Developing and Manufacturing Attenuated Live Bacterial Vaccines - Specific requirements must be met during preclinical and clinical development, as well as manufacturing and release testing of LBVs. -


Developing and Manufacturing Attenuated Live Bacterial Vaccines
Specific requirements must be met during preclinical and clinical development, as well as manufacturing and release testing of LBVs.

BioPharm International Supplements


Live attenuated vaccines have numerous advantages over killed and subunit vaccines. However, they also have higher requirements regarding safety and quality. We have highlighted the challenges faced during preclinical and clinical development, as well as manufacturing and release testing for three attenuated live bacterial vaccines registered for human use—M. bovis BCG, S. typhi Ty21a, and V. cholerae CVD 103-HgR.

When generating attenuated vaccines, attention must be given to the appropriate balance of attenuation and immunogenicity. We have demonstrated the progress in attenuation approaches from the empirical approach of the M. bovis BCG strain to the targeted attenuation of Ty21a and CVD 103-HgR.

In the absence of correlates of protection of the vaccine, large Phase-3 field trials need to be conducted. Apart from ethical considerations caused by exposure of the trial participants to pathogens, potential side effects and safety issues are most prominent topics during the development and clinical trials of a vaccine. The orally administered Ty21a vaccine exhibits an excellent tolerability with an incidence rate of only 0.002% in addition to the absence of reversion to wildtype during the 30 years since its development. This clearly demonstrates the advantage of oral vaccination with a live attenuated vaccine. On the other hand, the issues of performing field studies in absence of the pathogen were highlighted with the example of CVD 103-HgR.

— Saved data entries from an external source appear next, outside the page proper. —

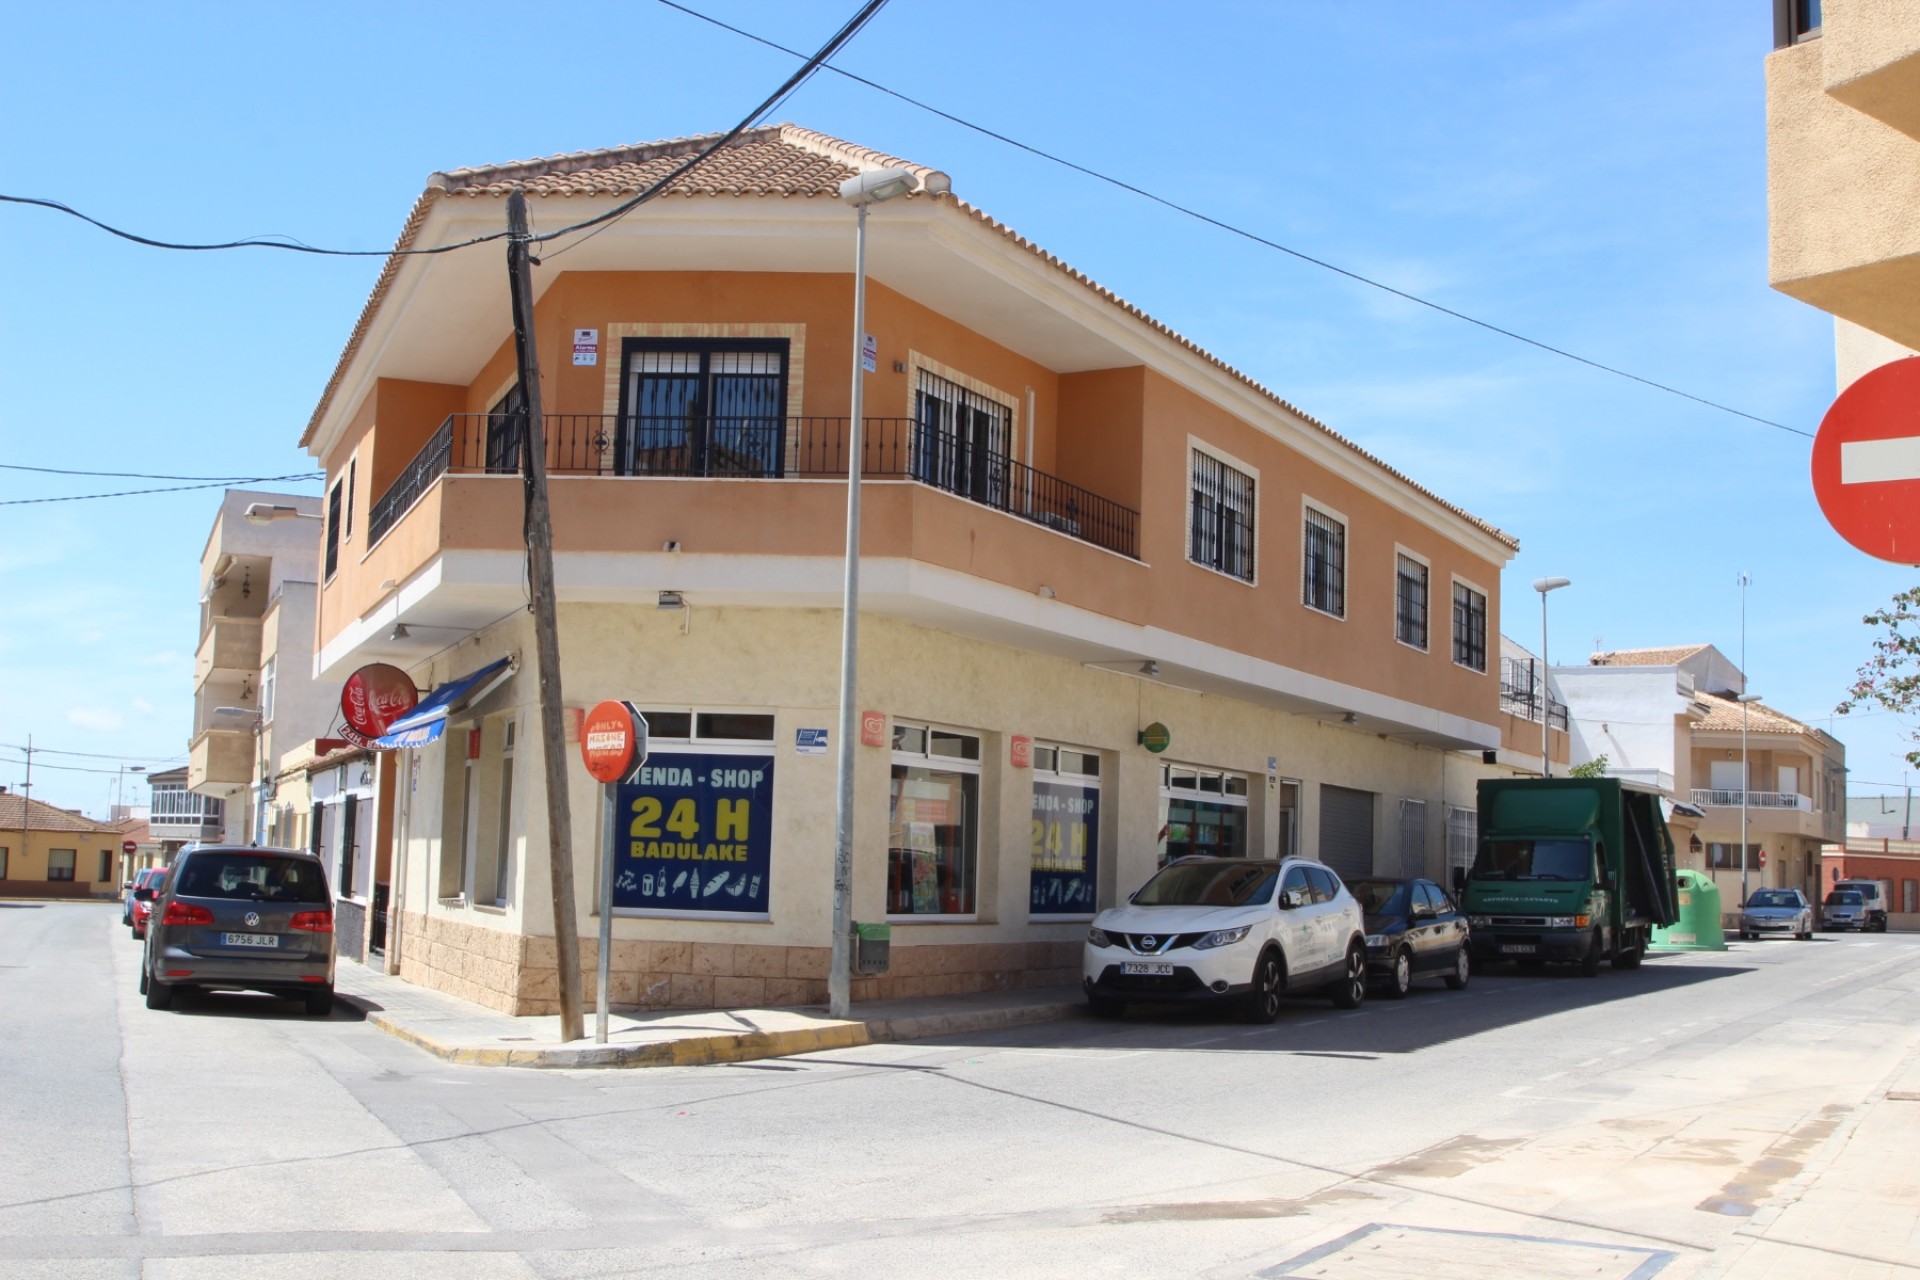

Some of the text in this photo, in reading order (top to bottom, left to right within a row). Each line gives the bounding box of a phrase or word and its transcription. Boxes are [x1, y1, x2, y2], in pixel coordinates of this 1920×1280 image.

[633, 767, 693, 787] IENDA
[710, 768, 764, 789] SHOP
[1033, 794, 1059, 812] ENDA
[1067, 797, 1095, 815] SHOP
[630, 796, 750, 841] 24 H
[1032, 819, 1088, 858] 24 H
[630, 841, 748, 862] BADULAKE
[227, 934, 275, 946] 6756 JLR
[1127, 963, 1170, 973] 7328 JCC
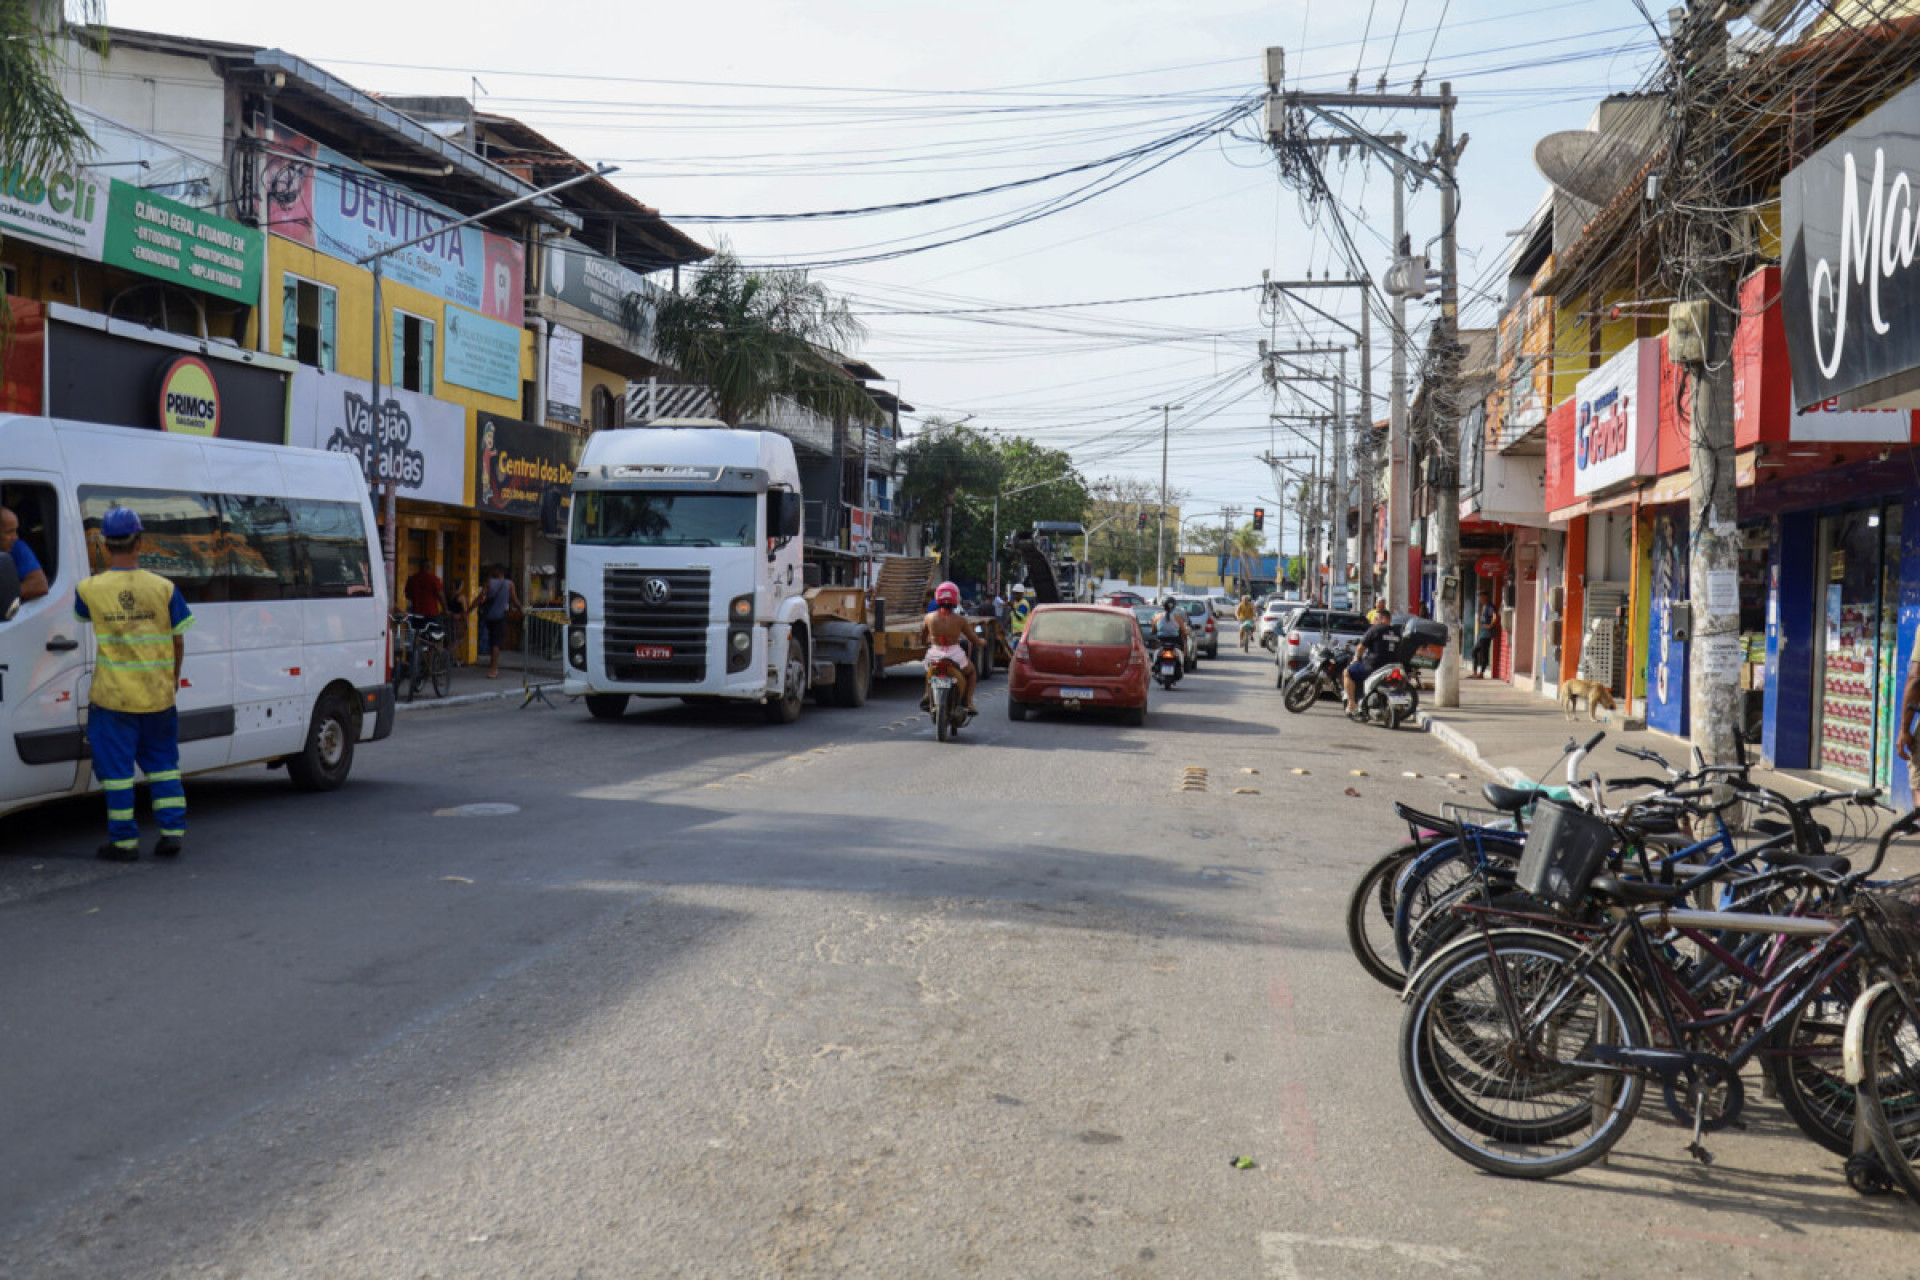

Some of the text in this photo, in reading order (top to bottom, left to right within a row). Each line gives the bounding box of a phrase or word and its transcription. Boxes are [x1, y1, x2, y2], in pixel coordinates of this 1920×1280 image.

[169, 213, 195, 236] GERAL
[197, 223, 232, 249] ATUANDO
[340, 168, 465, 268] DENTISTA
[1812, 147, 1920, 379] Ma
[167, 393, 215, 420] PRIMOS
[348, 399, 408, 446] Varejão
[363, 443, 422, 482] Faldas
[499, 451, 540, 478] Central
[541, 458, 559, 482] dos
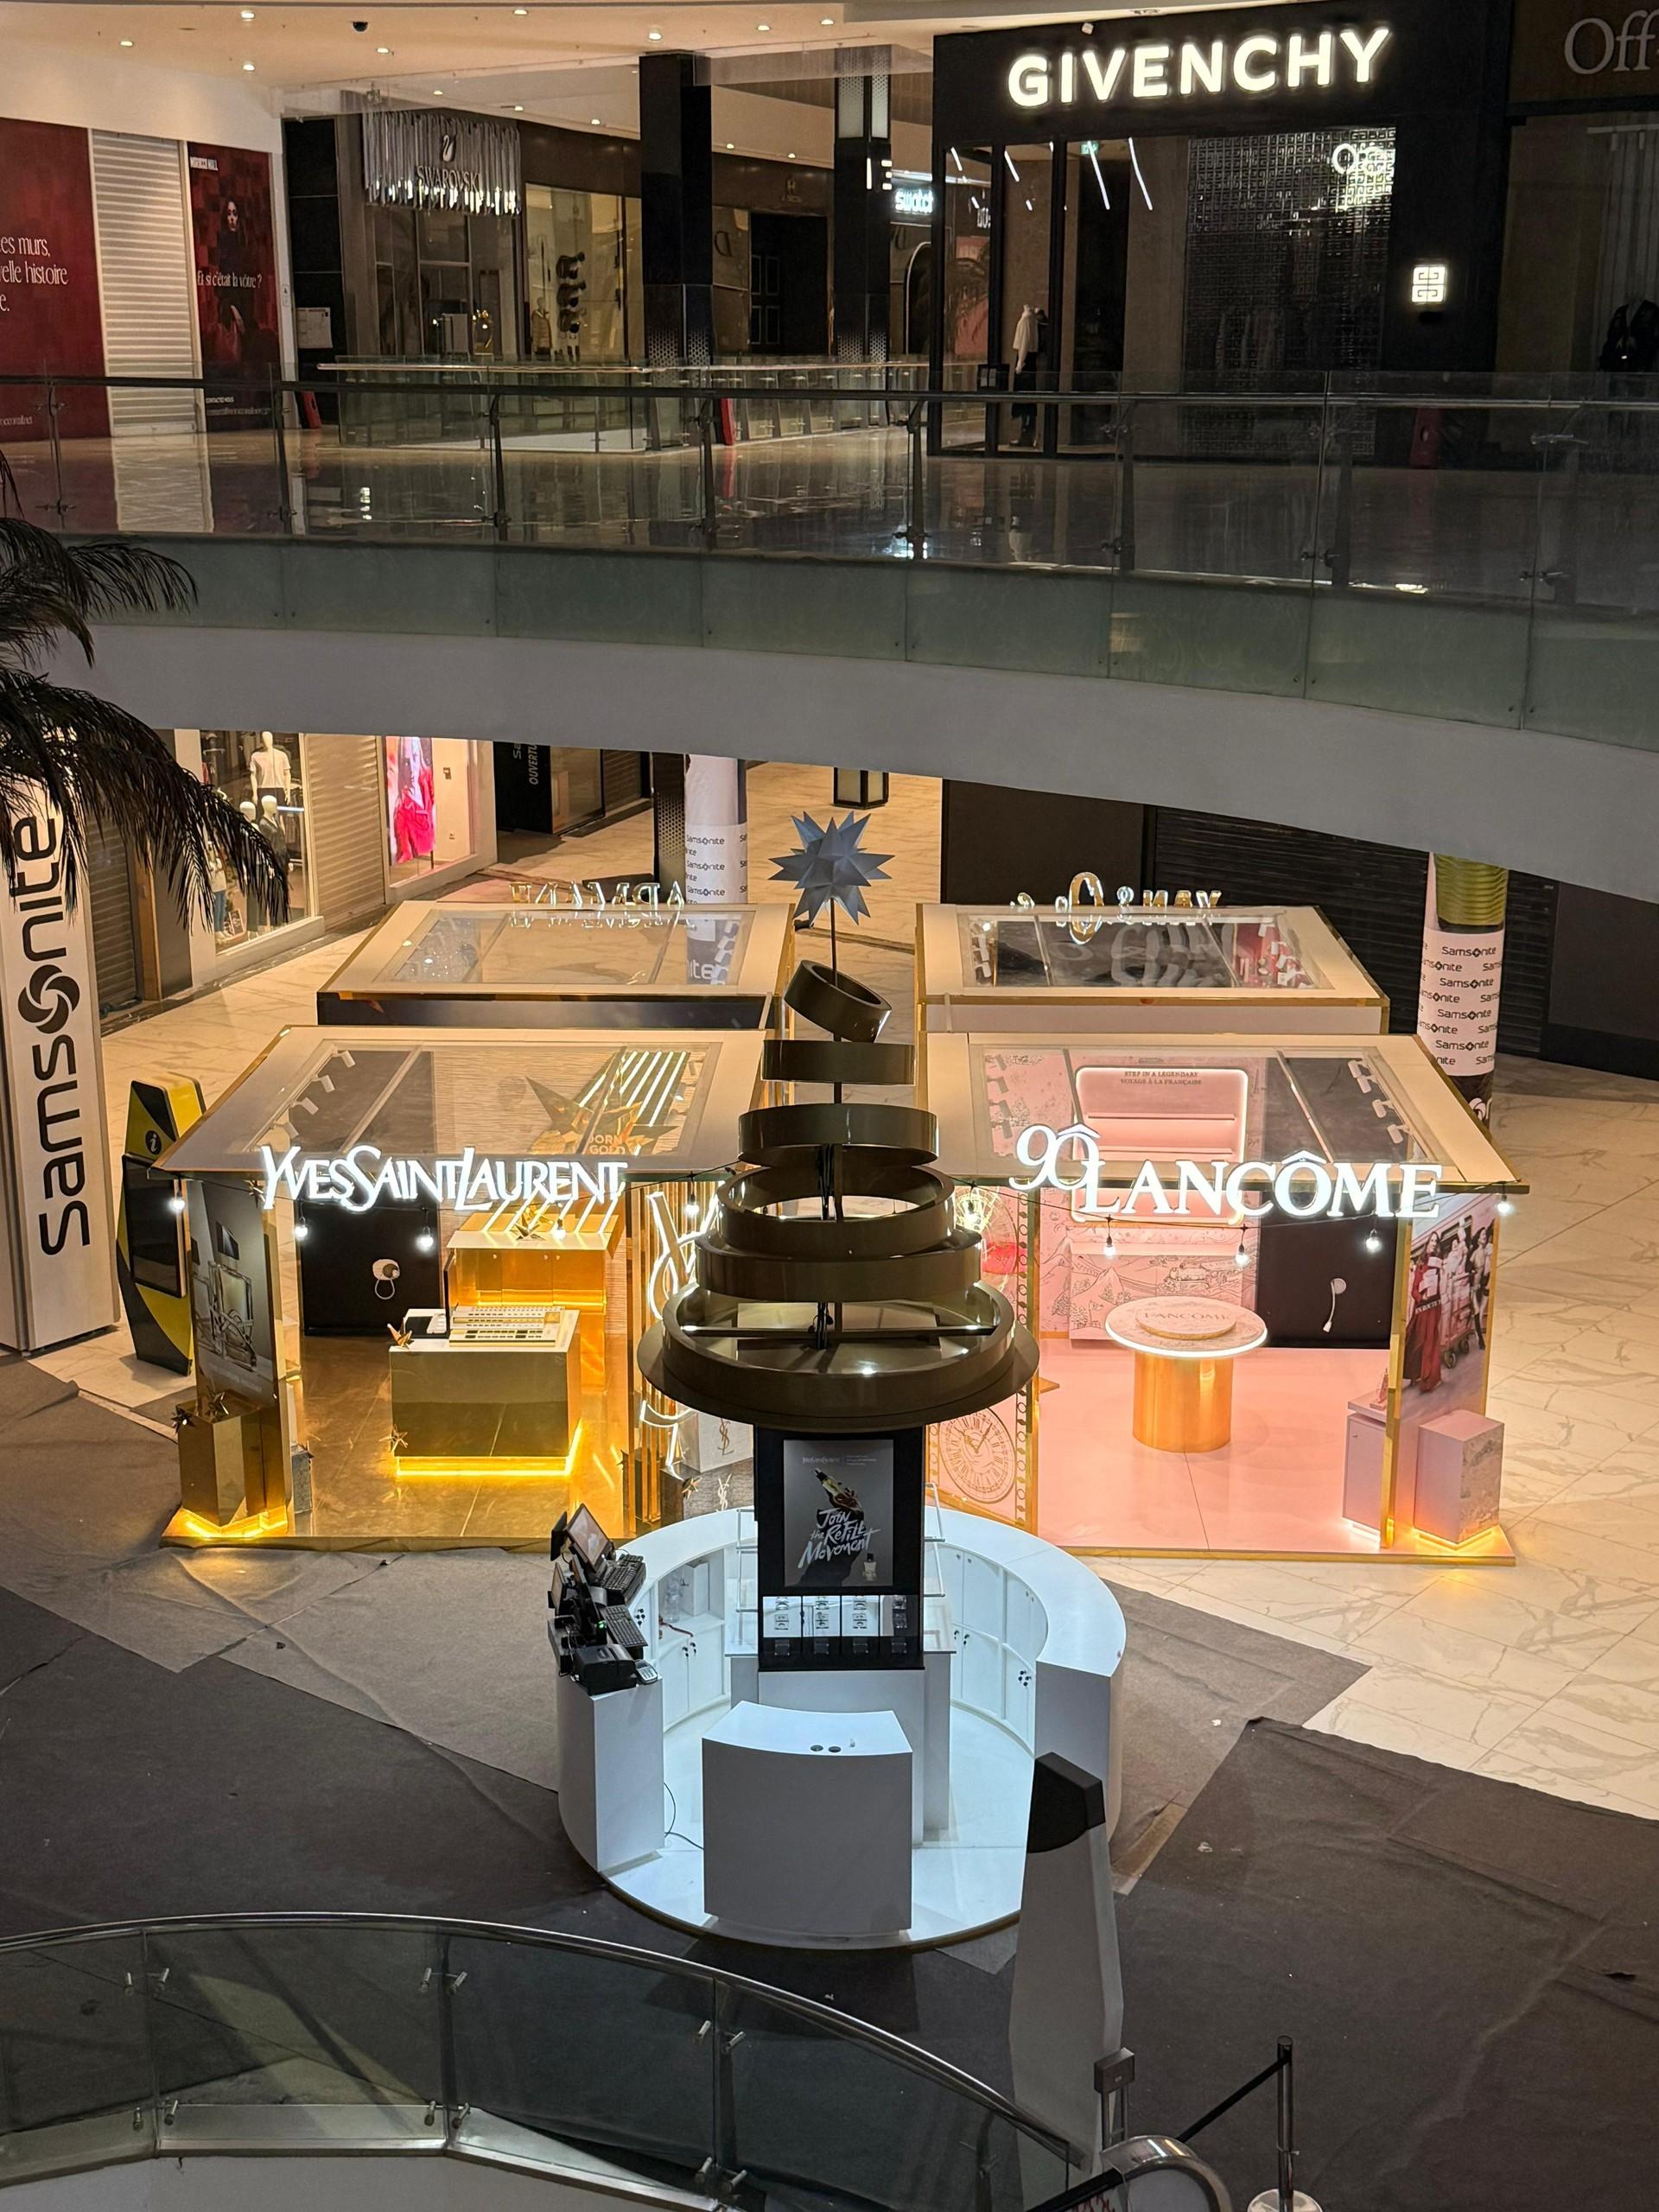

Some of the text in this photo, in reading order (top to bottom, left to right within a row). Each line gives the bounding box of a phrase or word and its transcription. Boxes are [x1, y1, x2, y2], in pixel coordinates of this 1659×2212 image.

[1564, 9, 1659, 75] Off
[1007, 27, 1390, 109] GIVENCHY
[0, 236, 51, 257] es murs,
[0, 259, 69, 285] elle histoire
[686, 835, 725, 845] Samsonite
[687, 860, 725, 871] Samsonite
[687, 885, 725, 897] Samsonite
[1441, 946, 1497, 957] Samsonite
[1440, 977, 1494, 989] Samsonite
[1438, 1008, 1491, 1020] Samsonite
[1436, 1039, 1490, 1052] Samsonite
[1082, 1148, 1442, 1218] LANCÔME

The challenges of manufacturing vaccines originating from the last century were demonstrated with the example of the BCG vaccine. Although novel manufacturing techniques may exist, their implementation will probably require new field trials, and hence, vaccine manufacturers are likely to stick to the historical technologies.

There are several requirements to be fulfilled during the development and cGMP manufacturing of live attenuated vaccines. We have listed the most important challenges and provided examples of how they can be met.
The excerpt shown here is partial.